If what you like about the show is magic and the slightly silly lines while kicking butt, a great option is Charmed. This show follows 3 sisters who learn they are witches, the Charmed Ones, to be specific. Their job is to fight the forces of evil and protect the world, while trying to maintain a normal life. There’s also Eastwick which is very similar to Charmed but not quite as good.

If it’s the vampires and mythology that you enjoy, True Blood, a current show, is a good option. Sookie Stackhouse, a telepath in love withe the vampire Bill Compton (he’s the show’s Angel, tall dark, mysterious, and human-like in his morals). Vampires have revealed themselves to the world and want equality and the world is reeling. Can vampires ever fit in with the rest of the world. This is a more serious show than Buffy with none of the snappy dialogue and a lot more sex.

Not to be outdone on the vampire-front, the CW has The Vampire Diaries this fall, about two vampire brothers who are interested in a girl whose parents died and who is trying to get on with her life.
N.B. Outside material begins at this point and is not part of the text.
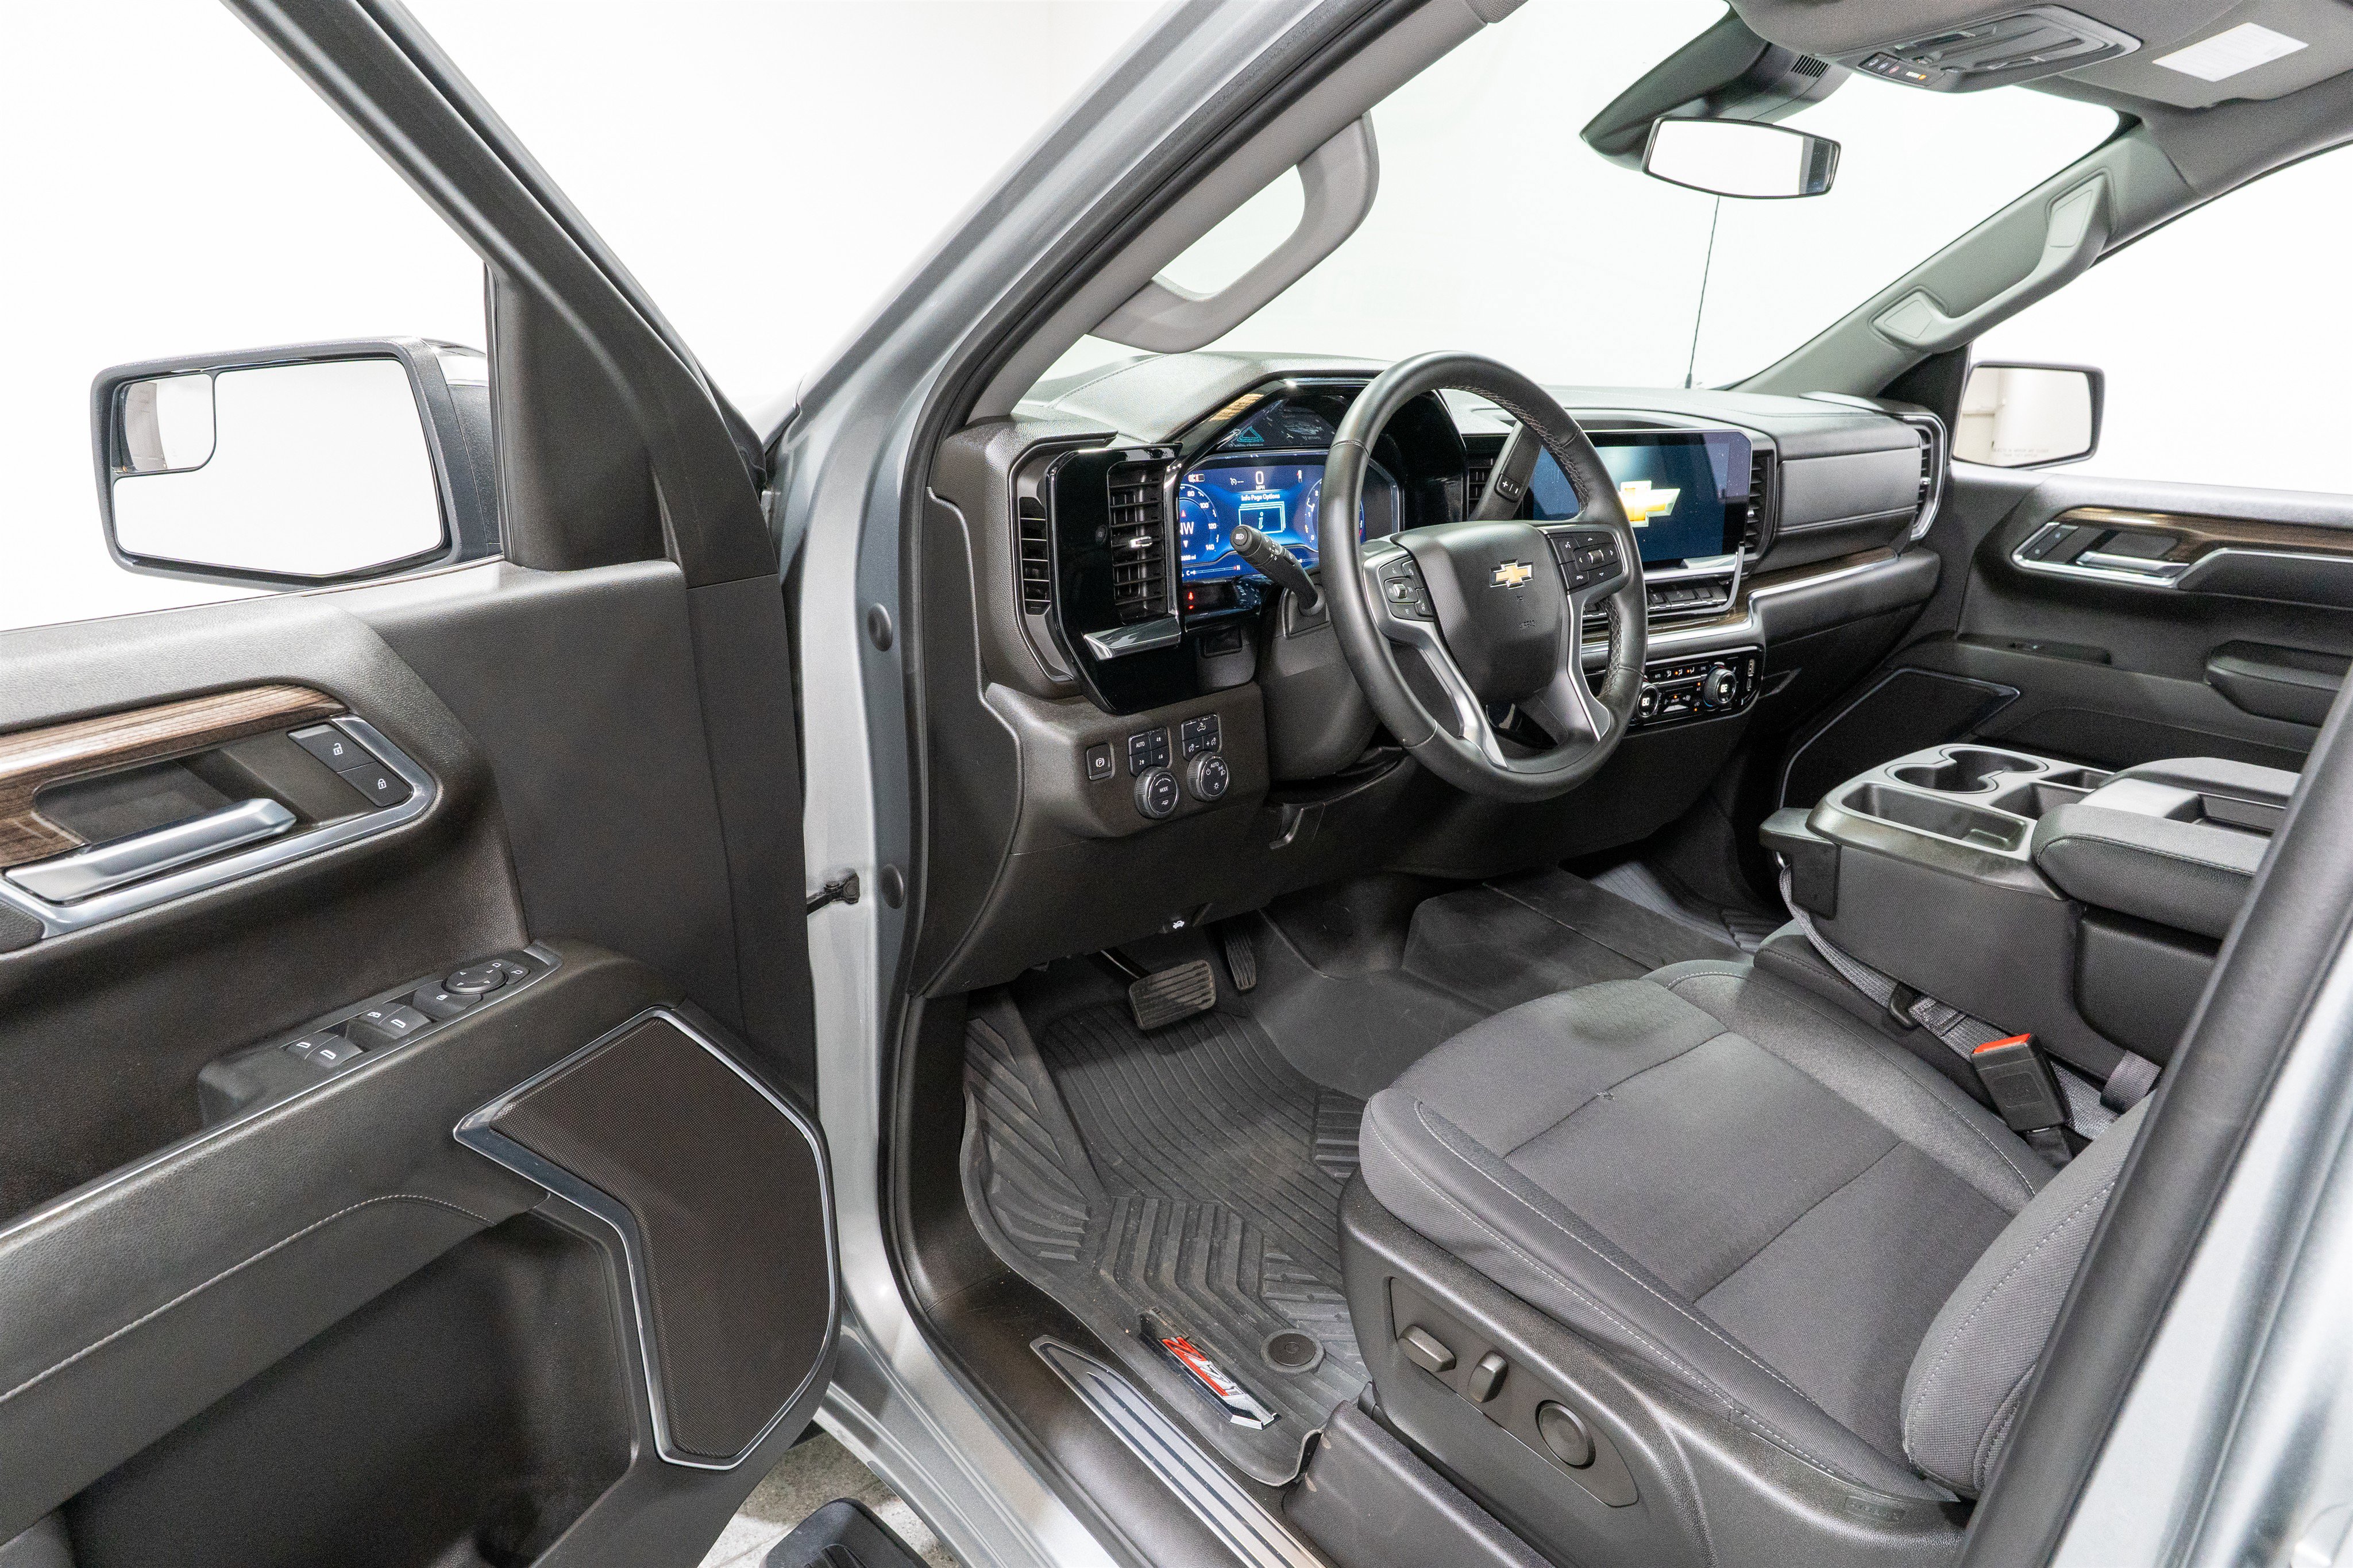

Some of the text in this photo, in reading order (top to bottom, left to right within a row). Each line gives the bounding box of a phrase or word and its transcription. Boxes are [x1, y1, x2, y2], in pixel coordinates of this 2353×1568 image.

Also a vampire-related show is the new show on ABC, The Gates. It follows a closed off community that has some supernatural residents who are trying to live normal lives but can’t seem to escape their supernatural selves. Not the best description but so far it has been pretty good.

One more vampire show in the mix (though this one is not exclusively vampires) is Being Human. This show follows a vampire, a werewolf, and a ghost as they try to figure out what it means to be human and attempt to live normal lives. There is actually a British and an American version of this show. Both are solid in their own ways and are some of the best genre writing I have seen in a while (perhaps because this is a bit darker and more morally ambiguous than a lot of what is on TV these days). The British version also has a spin off webseries called Becoming Human which is a fun bonus.

Another werewolf option is MTV’s Teen Wolf about Scott, a teenager who gets turned into a werewolf when bitten and must learn to control his abilities. The show is full of teen romance, mystery, and excitement. The writers said they looked to Buffy as an example of how they wanted to shape the series, so that should be a good sign for what’s to come.

If what you like about Buffy is the superhero action, then Heroes is a show for you. It’s an X-men type show, humans with abilities like flying, healing, time/space traveling, super strength, etc. The show was canceled, but I’ve found it pretty good all the way through. Most people will say only Season One was good though.

The 4400 is another people with abilities show, though this one is more out there because its premise is that 4400 people were abducted throughout history and then they were returned to earth at the same time, unchanged, except for the development of unique abilities. They too experience fear and discrimination from people who assume they must be dangerous because of their abilities.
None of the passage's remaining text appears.